**What to produce:**
All the entries that follow must be written out again exactly.

==== Task input ====

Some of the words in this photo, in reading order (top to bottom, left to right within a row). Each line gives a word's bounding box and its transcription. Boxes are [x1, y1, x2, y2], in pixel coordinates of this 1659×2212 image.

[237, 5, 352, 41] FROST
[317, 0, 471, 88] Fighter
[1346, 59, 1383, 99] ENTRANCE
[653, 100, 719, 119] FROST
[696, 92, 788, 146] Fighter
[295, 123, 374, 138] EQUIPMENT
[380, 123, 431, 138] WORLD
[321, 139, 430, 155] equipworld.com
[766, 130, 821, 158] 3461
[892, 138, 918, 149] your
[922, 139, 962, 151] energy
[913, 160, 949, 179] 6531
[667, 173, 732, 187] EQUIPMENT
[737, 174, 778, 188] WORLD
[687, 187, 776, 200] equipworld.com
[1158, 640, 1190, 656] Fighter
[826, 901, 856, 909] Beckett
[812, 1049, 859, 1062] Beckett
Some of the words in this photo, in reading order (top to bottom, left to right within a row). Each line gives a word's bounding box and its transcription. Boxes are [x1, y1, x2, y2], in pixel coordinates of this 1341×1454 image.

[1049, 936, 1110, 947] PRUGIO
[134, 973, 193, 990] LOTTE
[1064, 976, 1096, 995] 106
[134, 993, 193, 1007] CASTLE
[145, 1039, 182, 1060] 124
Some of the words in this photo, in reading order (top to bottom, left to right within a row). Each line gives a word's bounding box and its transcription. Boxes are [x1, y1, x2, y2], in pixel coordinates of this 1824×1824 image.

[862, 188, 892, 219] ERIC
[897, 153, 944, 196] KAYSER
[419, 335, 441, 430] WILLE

====

**Written response:**
Some of the words in this photo, in reading order (top to bottom, left to right within a row). Each line gives a word's bounding box and its transcription. Boxes are [x1, y1, x2, y2], in pixel coordinates of this 1659×2212 image.

[237, 5, 352, 41] FROST
[317, 0, 471, 88] Fighter
[1346, 59, 1383, 99] ENTRANCE
[653, 100, 719, 119] FROST
[696, 92, 788, 146] Fighter
[295, 123, 374, 138] EQUIPMENT
[380, 123, 431, 138] WORLD
[321, 139, 430, 155] equipworld.com
[766, 130, 821, 158] 3461
[892, 138, 918, 149] your
[922, 139, 962, 151] energy
[913, 160, 949, 179] 6531
[667, 173, 732, 187] EQUIPMENT
[737, 174, 778, 188] WORLD
[687, 187, 776, 200] equipworld.com
[1158, 640, 1190, 656] Fighter
[826, 901, 856, 909] Beckett
[812, 1049, 859, 1062] Beckett
Some of the words in this photo, in reading order (top to bottom, left to right within a row). Each line gives a word's bounding box and its transcription. Boxes are [x1, y1, x2, y2], in pixel coordinates of this 1341×1454 image.

[1049, 936, 1110, 947] PRUGIO
[134, 973, 193, 990] LOTTE
[1064, 976, 1096, 995] 106
[134, 993, 193, 1007] CASTLE
[145, 1039, 182, 1060] 124
Some of the words in this photo, in reading order (top to bottom, left to right within a row). Each line gives a word's bounding box and its transcription. Boxes are [x1, y1, x2, y2], in pixel coordinates of this 1824×1824 image.

[862, 188, 892, 219] ERIC
[897, 153, 944, 196] KAYSER
[419, 335, 441, 430] WILLE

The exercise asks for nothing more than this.